In parallelo con la frammentazione globale, e con l’incertezza che l’accompagna, il mondo si troverà a che fare con l’aumento dell’incertezza politica. Per misurane i suoi effetti basta prendere ad esempio quello che è successo in gran Bretagna nei tre anni dopo la Brexit: le imprese hanno pagato l’incertezza politica con una perdita di produttività dal 2 al 5 per cento.

Che cosa si può fare per contrastare questo scenario?  Come minimizzare i rischi che questa frammentazione può produrre a danno dei paesi più vulnerabili e con l’effetto di acuire le tensioni geopolitiche?

La risposta del Fondo è articolata. Sui temi di interesse comune come le sfide climatiche, la sicurezza delle forniture alimentari, la lotta alle pandemie,  la risposta deve essere quella di un rafforzamento delle regole che presiedono i rapporti multilaterali.

Dove invece gli interessi dei paesi non sono allineati, e la strada dell’accordo multilaterale porterebbe allo stallo, bisogna scegliere la strada a iniziative plurilaterali ma non discriminatorie. Infine, su materie in cui non c’è spazio per intese, devono essere messi in campo dei “guardrail”, cioè norme di condotta che facciano da “corridoio” per assicurare quel livello minimo di scambi in alcuni settori critici come cibo, finanza, servizi.

Quali argomenti porta McKinsey per rovesciare questa narrazione? Non ci sono mai stati tanti leader presenti a Davos come quest’anno, osserva nel suo paper “Why Davos matters more than ever”, e questo smentisce i catastrofisti e va interpretato come un segno del bisogno da parte dei leader di tutte le parti del mondo che la globalizzazione è un bene, che nessuna regione è un’isola, che tutti si rendono conto di avere bisogno degli altri per beni vitali. Insomma: i legami costruiti negli anni delle grandi liberalizzazioni sono forti e non possono essere recisi.

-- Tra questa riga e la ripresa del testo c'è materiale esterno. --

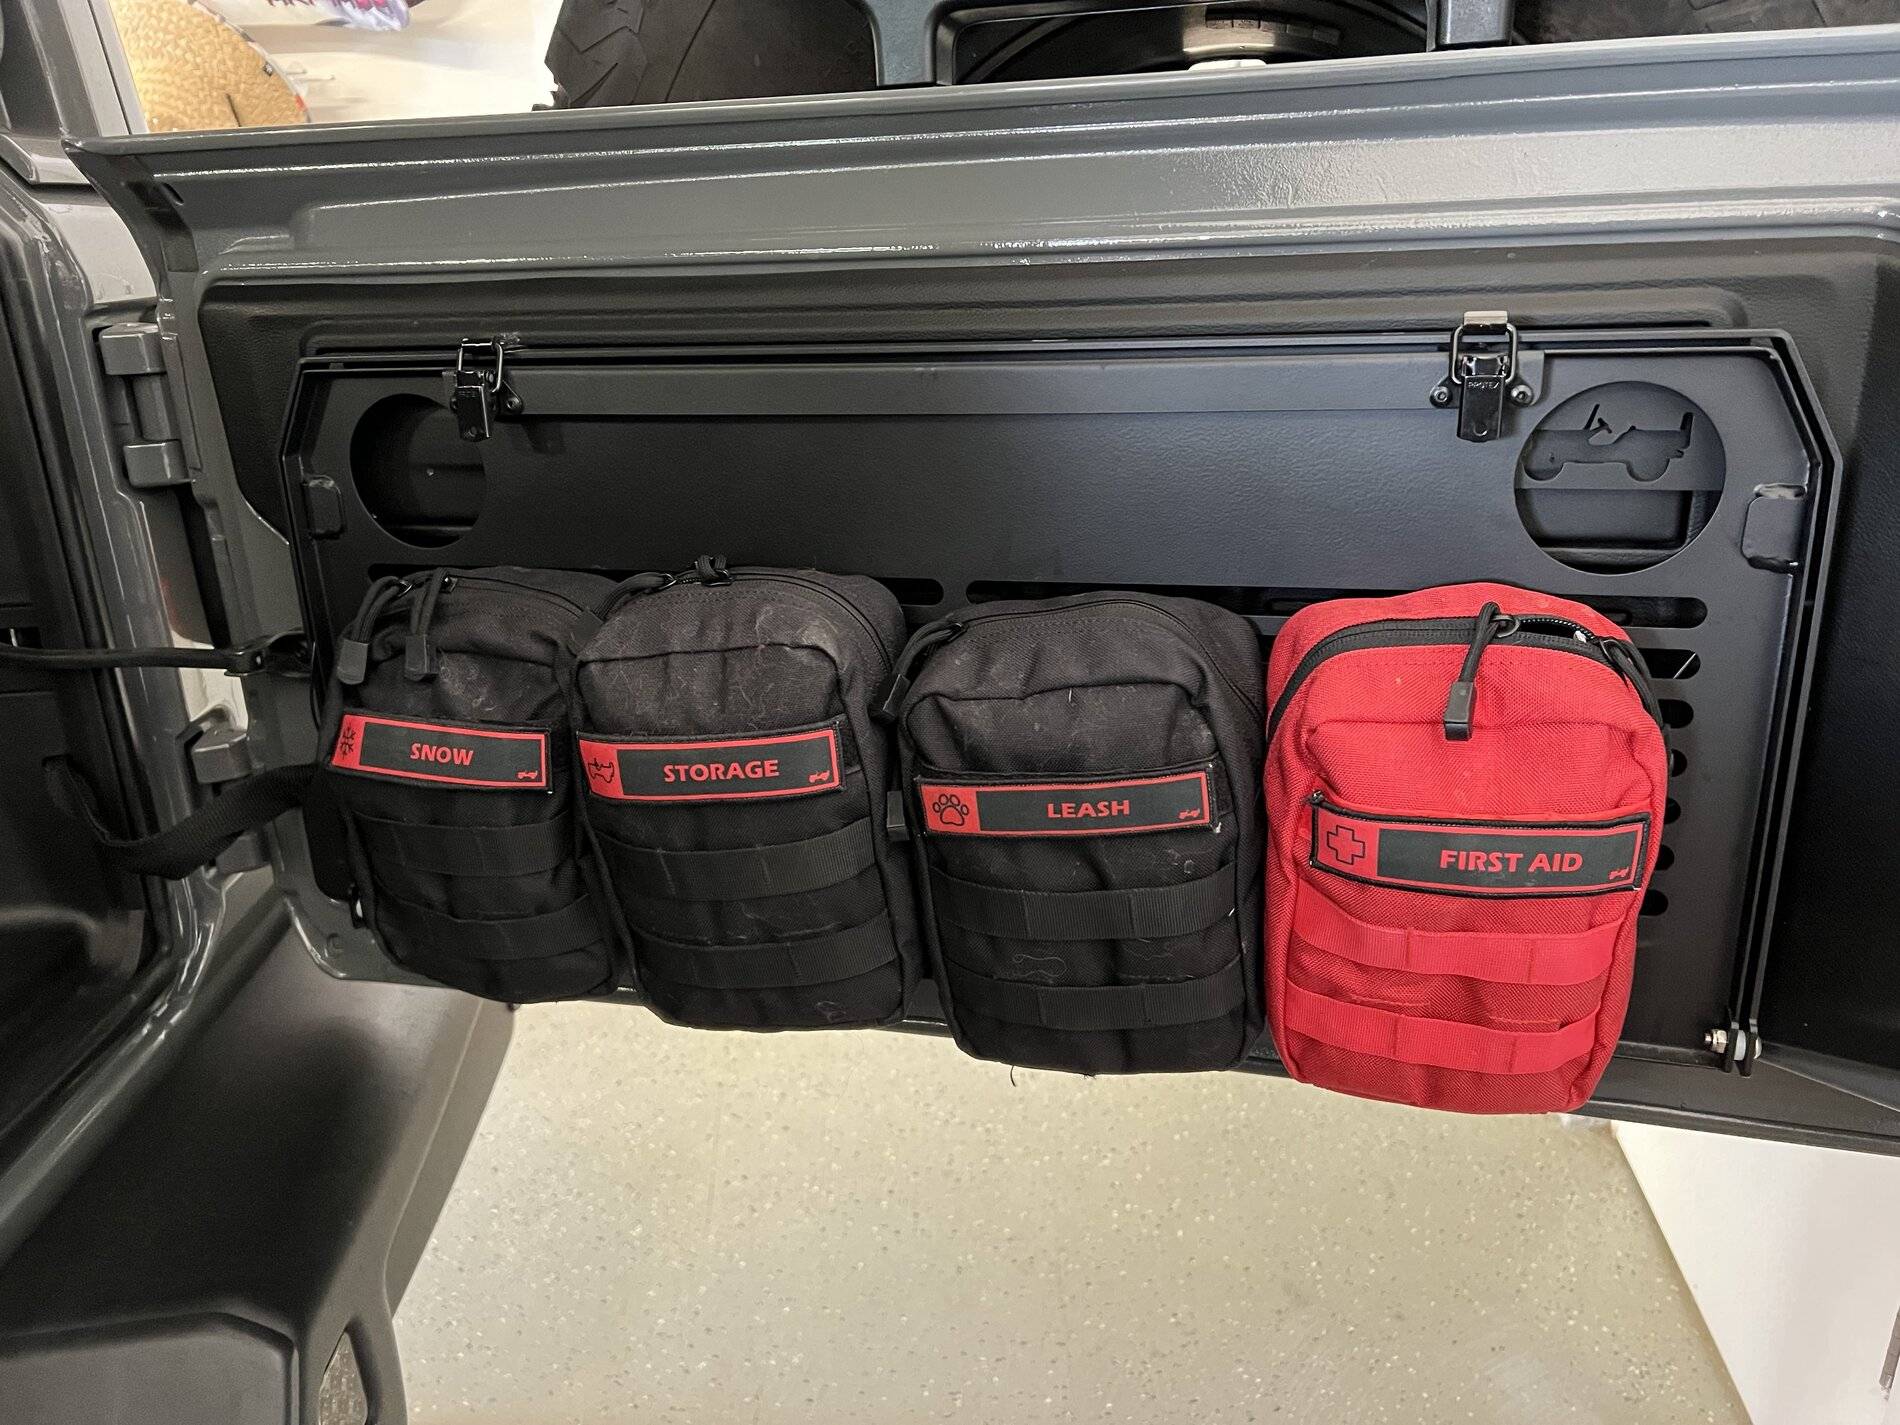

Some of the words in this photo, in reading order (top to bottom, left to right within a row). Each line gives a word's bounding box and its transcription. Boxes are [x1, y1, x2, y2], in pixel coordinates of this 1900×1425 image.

[410, 743, 474, 766] SNOW
[663, 759, 780, 782] STORAGE
[1047, 799, 1130, 818] LEASH
[1440, 849, 1524, 873] FIRST
[1528, 853, 1583, 873] AID

Ma c’è un altro argomento, ed è quello della natura delle sfide che vanno affrontate oggi: sono tutte sfide per loro natura globali: l’energia, il benessere per tutti, la lotta contro le discriminazioni, contro le pandemie. Per risolverle non bastano dimensioni nazionali, ma servono leader e interventi a livello internazionale.

I temi sul tavolo del meeting di quest’anno, secondo McKinsey, sono cinque, e su questi i leader si devono misurare.

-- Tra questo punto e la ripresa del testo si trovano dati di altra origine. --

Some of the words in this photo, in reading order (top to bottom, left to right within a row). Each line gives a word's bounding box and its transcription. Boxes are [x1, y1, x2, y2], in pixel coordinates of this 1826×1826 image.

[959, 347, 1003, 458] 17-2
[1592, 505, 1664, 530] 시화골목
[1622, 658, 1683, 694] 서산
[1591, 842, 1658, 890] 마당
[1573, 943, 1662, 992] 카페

Primo: prepararsi alle sfide di domani. Negli Usa e in Europa, sia il settore pubblico che il settore privato, cioè le imprese, devono organizzare i propri strumenti di difesa e affinare gli strumenti per essere più incisivi in attacco. Quindi investire in tecnologie, in educazione, nella lotta alle disuguaglianze, in progetti che rafforzino le economie e le società con una visione di lungo termine.

Il secondo fronte è quello della sfida energetica per raggiungere il net-zero, il futuro dell’ambiente senza emissioni di gas serra. Ciò implica una allocazione di capitale enorme su questo obiettivo, con grandezze molto superiori a quelle finora messe in campo: gli investimenti, secondo McKinsey, dovrebbero salire di 3,5 trilioni di dollari l’anno.

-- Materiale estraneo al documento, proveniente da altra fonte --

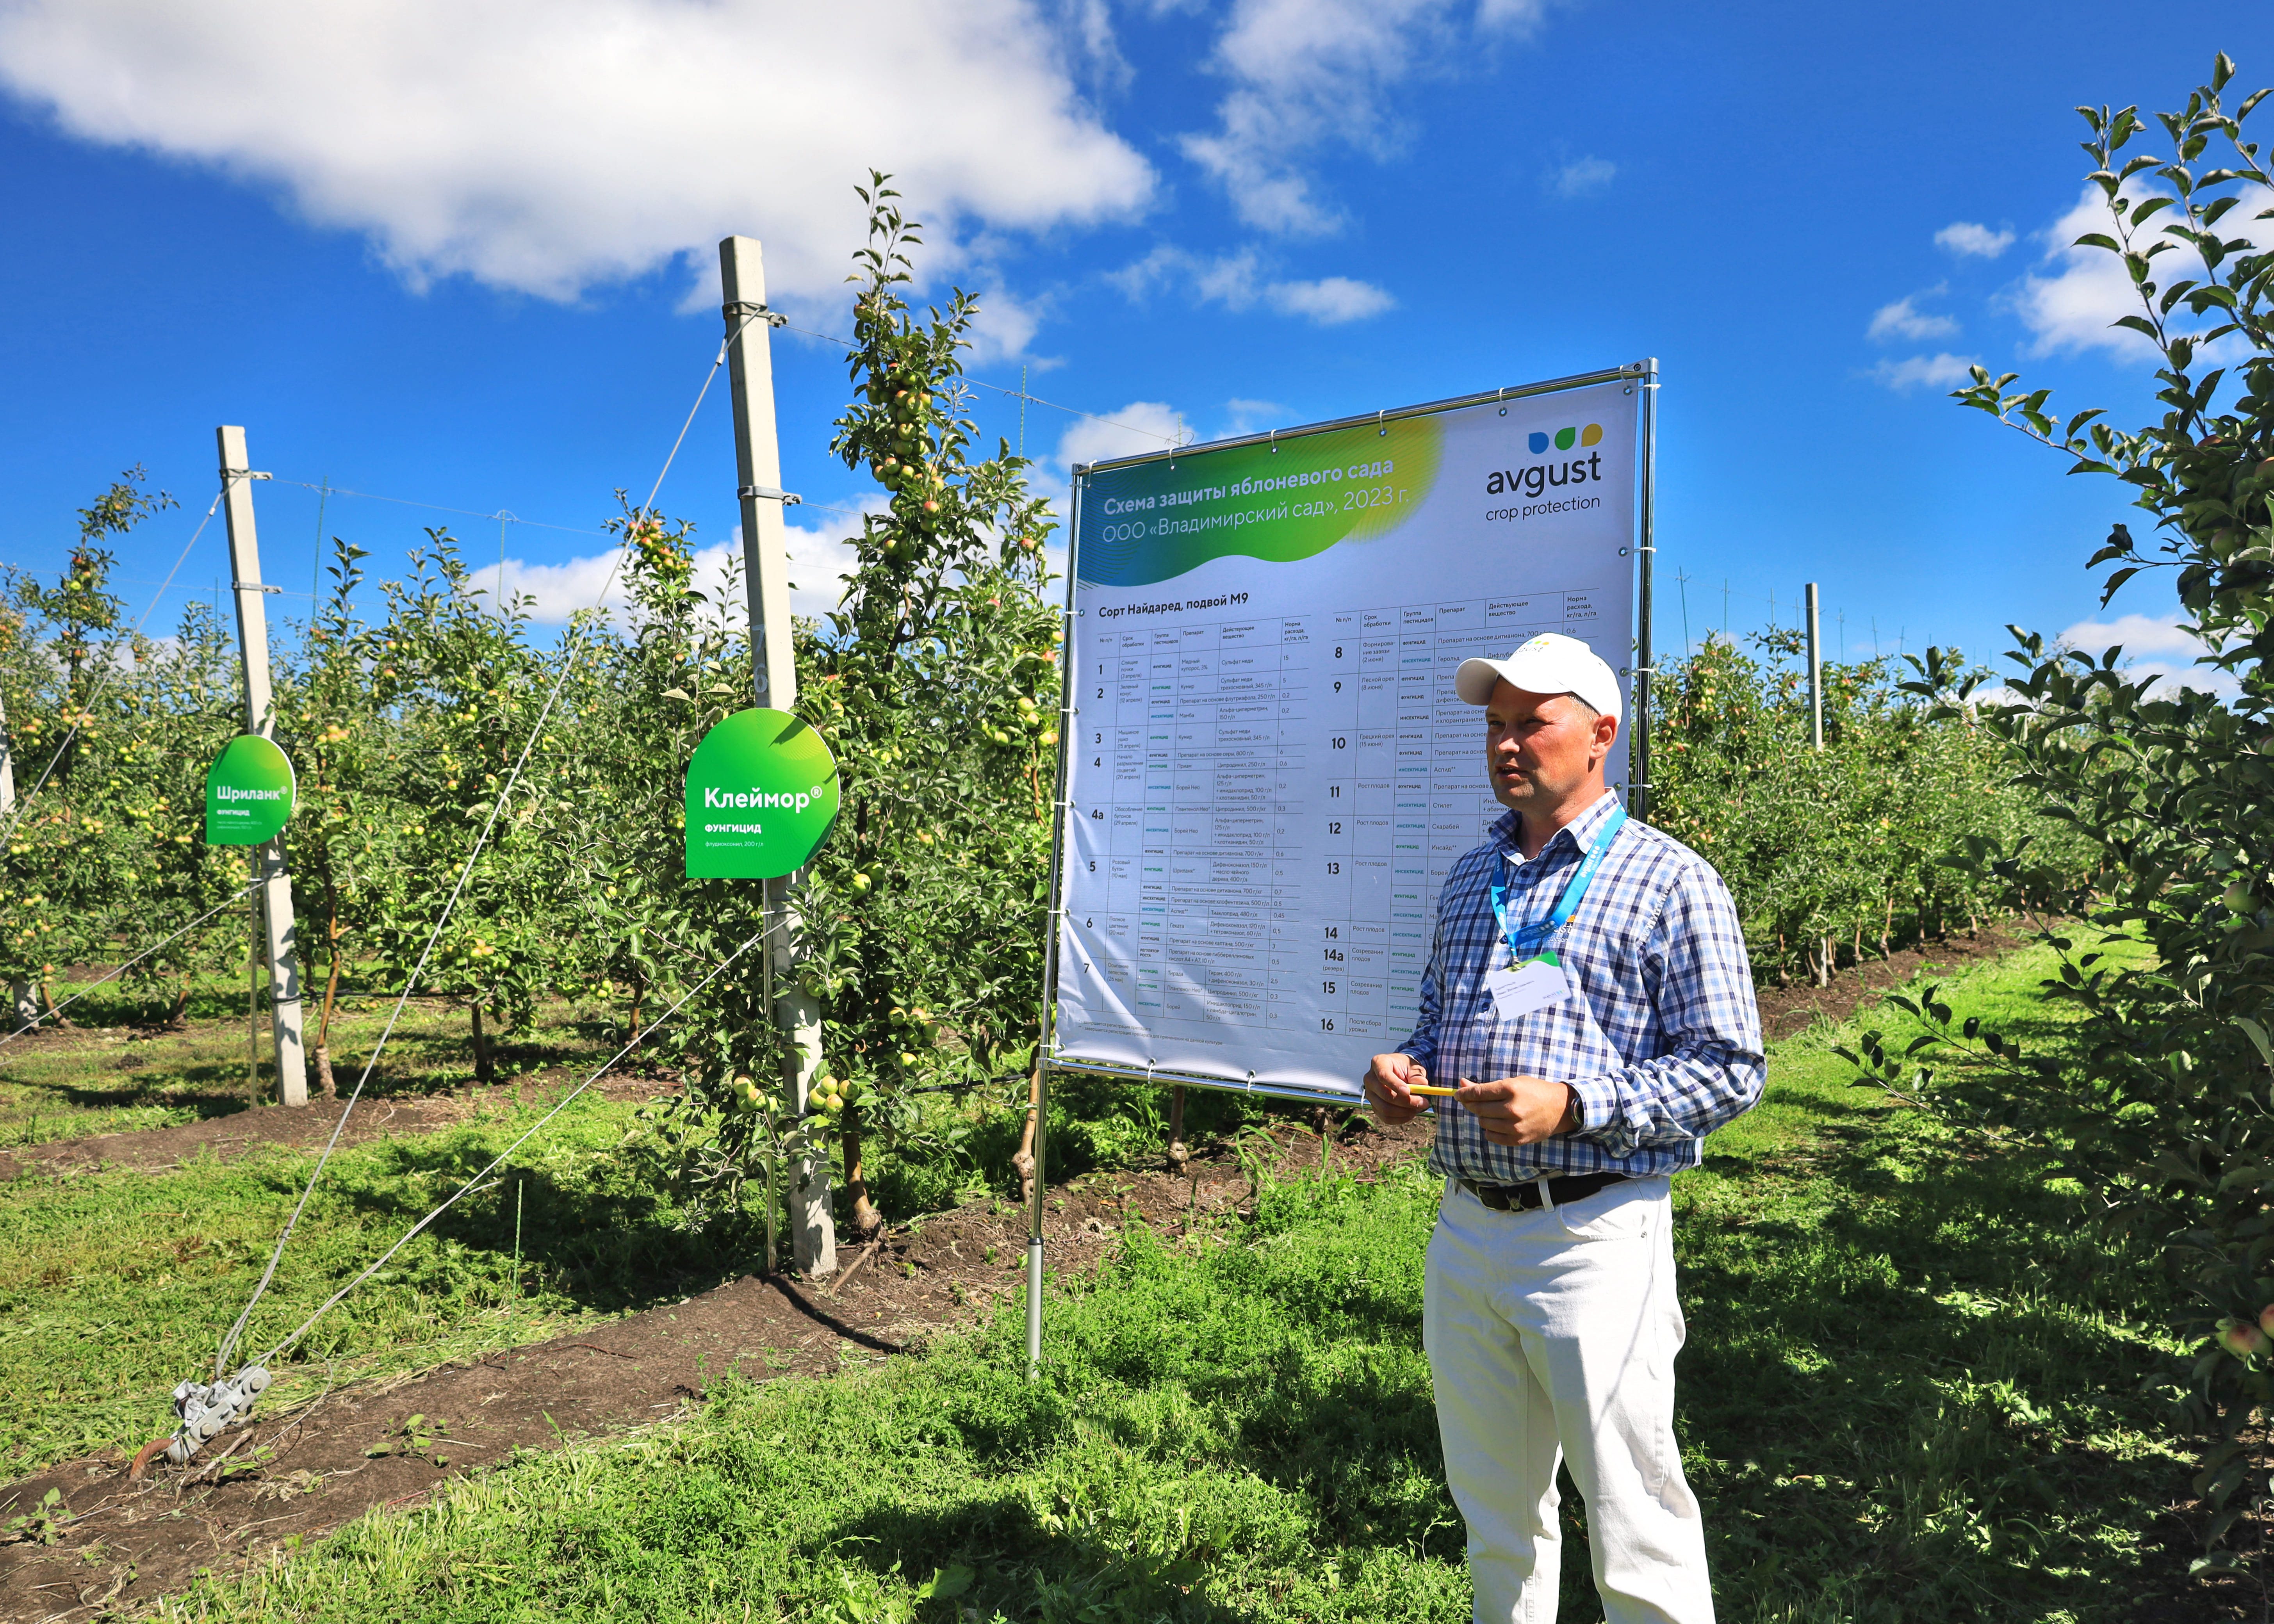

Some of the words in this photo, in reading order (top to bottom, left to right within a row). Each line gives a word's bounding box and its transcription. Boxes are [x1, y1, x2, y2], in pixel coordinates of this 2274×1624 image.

[1487, 451, 1601, 498] avgust
[1104, 497, 1155, 515] Схема
[1160, 486, 1225, 507] защиты
[1231, 468, 1342, 497] яблоневого
[1348, 460, 1392, 479] сада
[1103, 522, 1145, 542] ООО
[1148, 500, 1287, 535] «Владимирский
[1293, 501, 1337, 517] сад»,
[1344, 486, 1392, 510] 2023
[1399, 490, 1408, 502] г.
[1486, 508, 1518, 522] crop
[1523, 496, 1600, 520] protection
[1099, 607, 1125, 619] Сорт
[1128, 602, 1183, 614] Найдаред,
[1187, 595, 1227, 609] подвой
[1489, 602, 1528, 610] Действующее
[1335, 647, 1342, 658] 8
[1099, 664, 1102, 675] 1
[1097, 688, 1103, 698] 2
[1334, 682, 1341, 693] 9
[1095, 733, 1101, 743] 3
[1332, 737, 1346, 749] 10
[1094, 757, 1100, 767] 4
[1330, 786, 1339, 798] 11
[705, 786, 823, 814] Клеймор®
[1092, 809, 1103, 819] 4а
[705, 824, 761, 833] ФУНГИЦИД
[1329, 822, 1341, 834] 12
[1089, 861, 1096, 872] 5
[1327, 863, 1339, 874] 13
[1580, 859, 1594, 878] avgust
[1087, 917, 1092, 928] 6
[1325, 927, 1337, 939] 14
[1324, 949, 1343, 961] 14а
[1084, 963, 1089, 973] 7
[1323, 965, 1345, 973] (резерв)
[1322, 981, 1335, 994] 15
[1321, 1019, 1333, 1031] 16

Terza parola d’ordine: diversificazione. Invece di recidere i rapporti commerciali pensando di rinserrarsi nei propri confini o nel friend-shoring, i rapporti commerciali, oggi troppo concentrati, vanno ricostruiti cercando nuove fonti di approvvigionamento.

Anche l’inclusione è uno strumento di competitività, dice MKinsey. La parità di genere, le disparità economica a livello globale, le discriminazioni in base alla razza sono delle barriere non solo etiche ma anche commerciali. Combattendole, si aprono nuovi mercati per le aziende.

Il quinto tema è la space economy. Il business dello sfruttamento commerciale dello spazio è ancora allo stato nascente, ma il suo sviluppo apre porte verso nuove tecnologie e verso un mercato tutto nuovo e dal potenziale immenso.

Nonostante l’impostazione apparentemente divergente, le due visioni non sono poi così lontane l’una dall’altra. Più concentrata sul proprio ruolo di grande organizzazione sovranazionale la prima, più votata a muovere interessi e attori privati la seconda. Ma entrambe sono due preghiere laiche alla capacità di leadership, alla sua saggezza e visione. Che, a Davos o fuori, non sembra in questo momento illuminare il mondo.